From the point of view of nature conservation, it is important that the planted plants come from the region and carry on the genetic diversity of the species living there. We can do this by collecting seeds from natural stands. To do this, you have to spend many days in the field, watching which plants are at which point in their ripening process, so that we can collect as many healthy seeds as possible. Collection is also made difficult by the weather and human factors (mowing, grazing). The selected plants were included in the tender precisely because of their rarity, which is why it often happens that they only occur in patches of 10-50 stems in an area, meaning that a large area must be covered in order to collect the necessary amount of seeds. The seeds of certain plants (e.g. nun's flower, dirty tendril, blue sedge) are constantly ripening and the ripened seeds also fall to the ground, these need to be visited more often. The work with the seeds does not end in the field, as the harvested, pruned fruit parts must be cleaned so that only healthy, pest-free seeds remain. Cleaning and counting the small seeds (e.g.: Hungarian thyme, watered veronica, Austrian sedge, suffocating müge seeds) is also not an easy task.

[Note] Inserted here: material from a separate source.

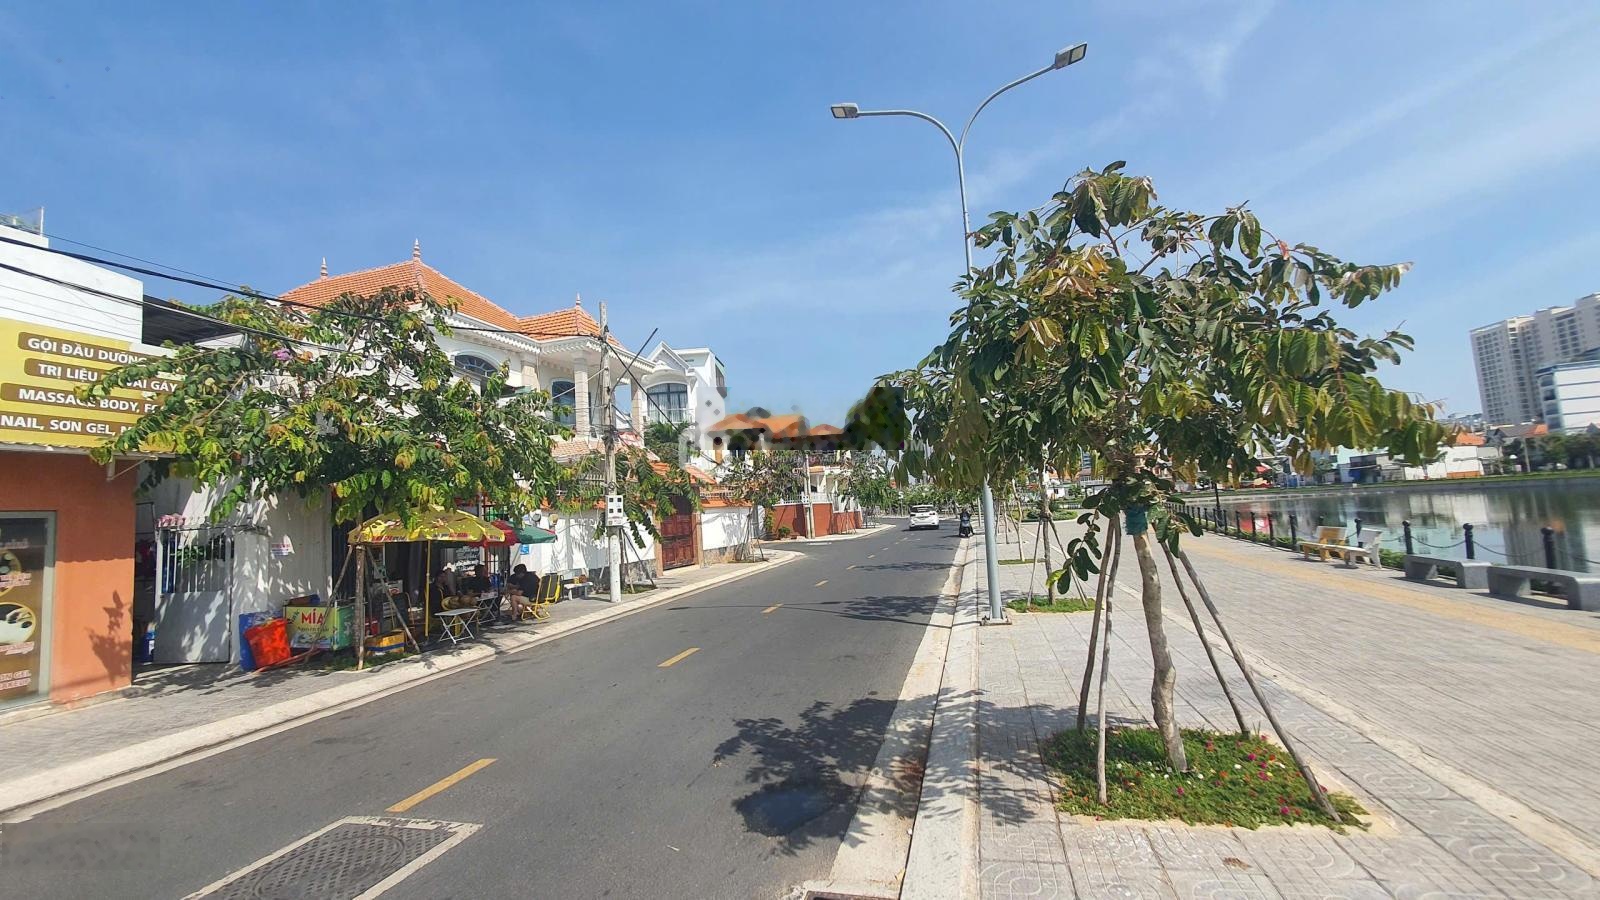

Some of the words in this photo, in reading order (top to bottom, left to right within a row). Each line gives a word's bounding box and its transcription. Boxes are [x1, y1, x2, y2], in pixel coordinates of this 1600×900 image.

The collected seeds are sown and after successful germination, the grown seedlings are transplanted and cared for in the Herb Garden, grouping them according to their place of origin. This is the so-called ex situ propagation, when plants are propagated outside their natural habitat. This is an important new area of nature conservation treatments these days. If we keep the plants propagated in this way in the botanical garden, we also help the survival of the species, however, if we return them to their natural habitat, we strengthen in situ nature conservation, not only the individual species, but also the relationships between species let's keep it. With our work, we realize the latter.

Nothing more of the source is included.